WORK REQUIRED:
Leave the pictures aside and give back every entry below word for word.

DATA UNDER STUDY:
****************************************

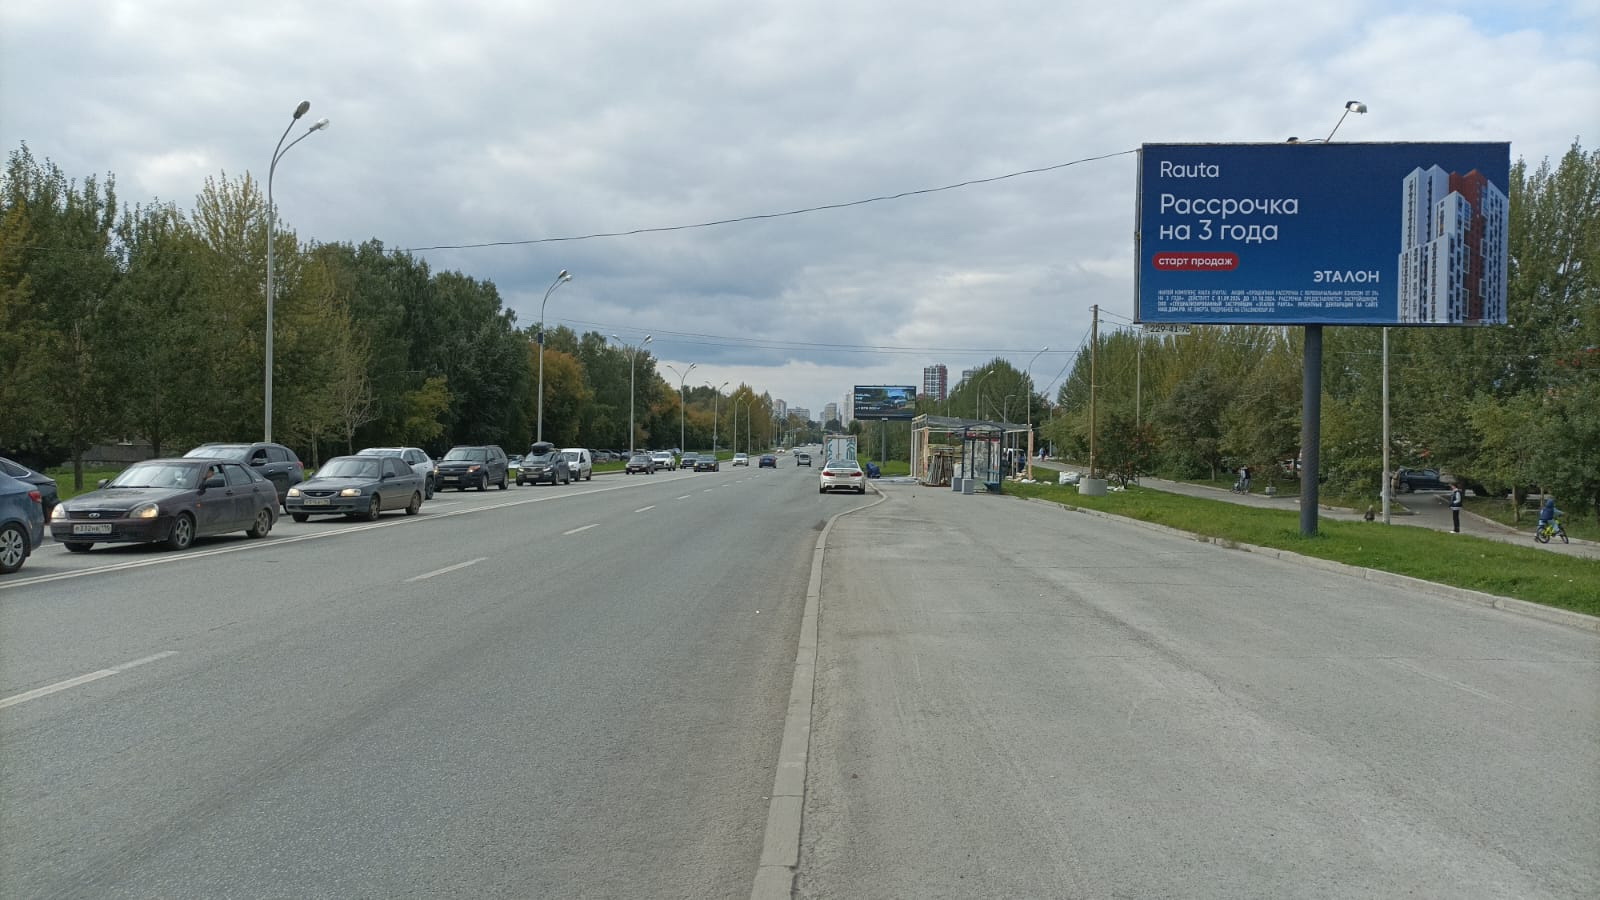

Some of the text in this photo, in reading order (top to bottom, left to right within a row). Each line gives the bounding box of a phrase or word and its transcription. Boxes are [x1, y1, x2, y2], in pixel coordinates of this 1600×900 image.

[1160, 161, 1220, 178] Rauta
[1160, 193, 1299, 219] Рассрочка
[1159, 219, 1279, 244] на 3 года
[1158, 257, 1233, 267] старт продаж
[1312, 270, 1380, 283] ЭТАЛОН

****************************************

EXERCISE SOLUTION:
Some of the text in this photo, in reading order (top to bottom, left to right within a row). Each line gives the bounding box of a phrase or word and its transcription. Boxes are [x1, y1, x2, y2], in pixel coordinates of this 1600×900 image.

[1160, 161, 1220, 178] Rauta
[1160, 193, 1299, 219] Рассрочка
[1159, 219, 1279, 244] на 3 года
[1158, 257, 1233, 267] старт продаж
[1312, 270, 1380, 283] ЭТАЛОН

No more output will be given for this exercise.